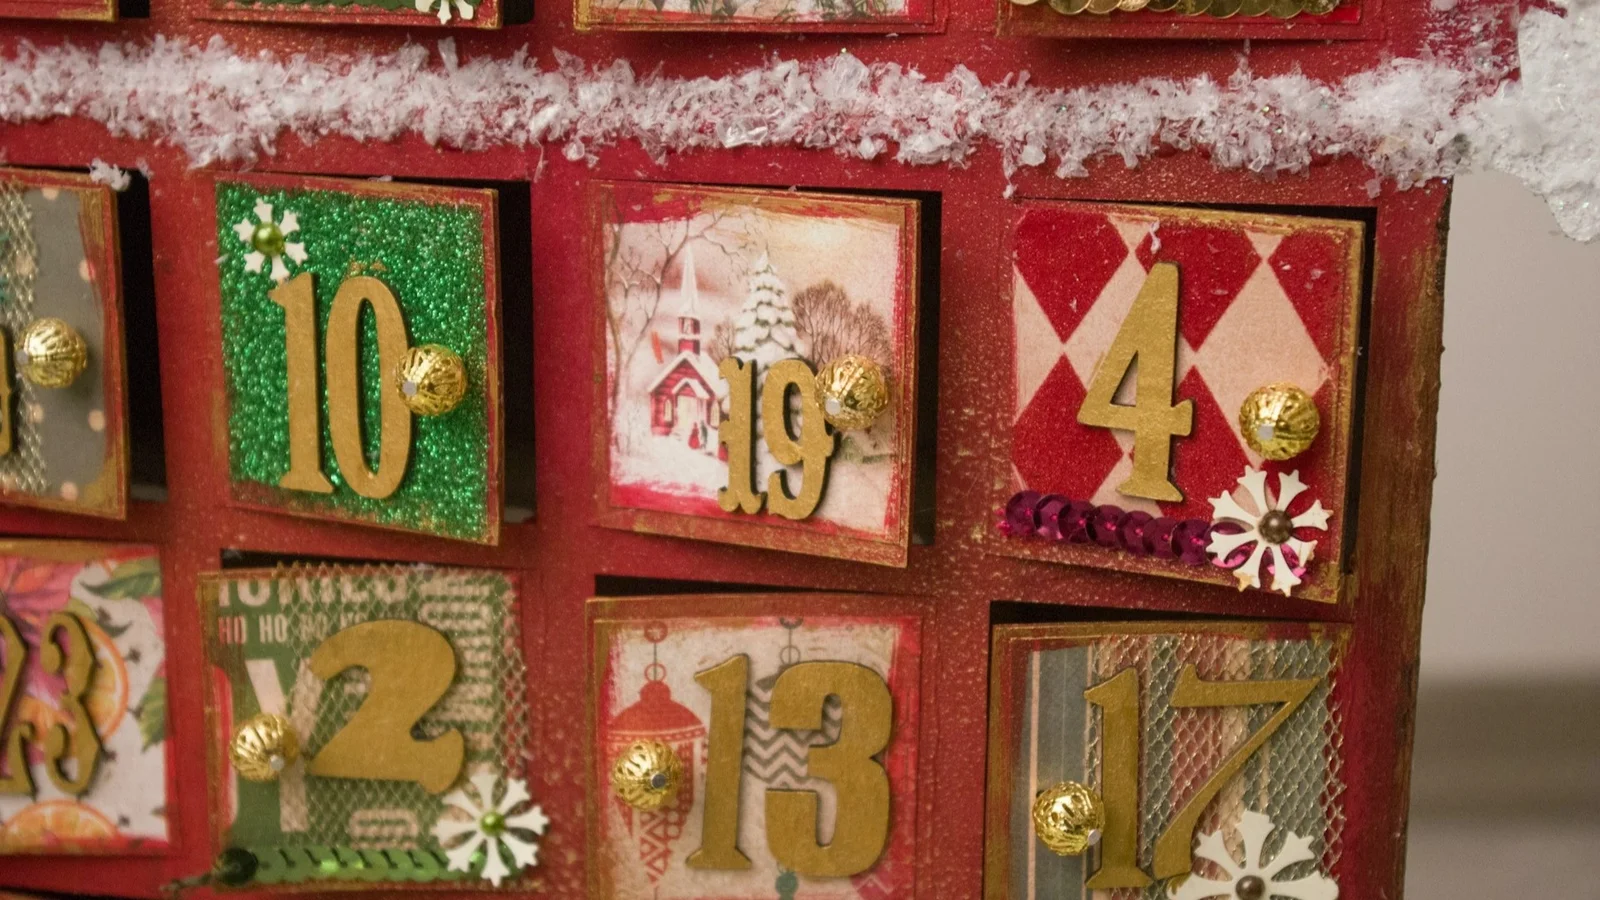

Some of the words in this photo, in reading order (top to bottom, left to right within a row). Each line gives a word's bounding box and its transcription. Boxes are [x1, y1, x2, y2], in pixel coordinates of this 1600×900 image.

[268, 270, 412, 499] 10
[717, 354, 841, 520] 19
[1077, 260, 1195, 503] 4
[259, 613, 289, 644] HO
[309, 618, 466, 795] 2
[685, 652, 893, 878] 13
[1083, 662, 1321, 893] 17

•••

## BRIEF
Type the material out again exactly. Skip the pictures.

## PROBLEM SOLUTION
Some of the words in this photo, in reading order (top to bottom, left to right within a row). Each line gives a word's bounding box and its transcription. Boxes are [x1, y1, x2, y2], in pixel coordinates of this 1600×900 image.

[268, 270, 412, 499] 10
[717, 354, 841, 520] 19
[1077, 260, 1195, 503] 4
[259, 613, 289, 644] HO
[309, 618, 466, 795] 2
[685, 652, 893, 878] 13
[1083, 662, 1321, 893] 17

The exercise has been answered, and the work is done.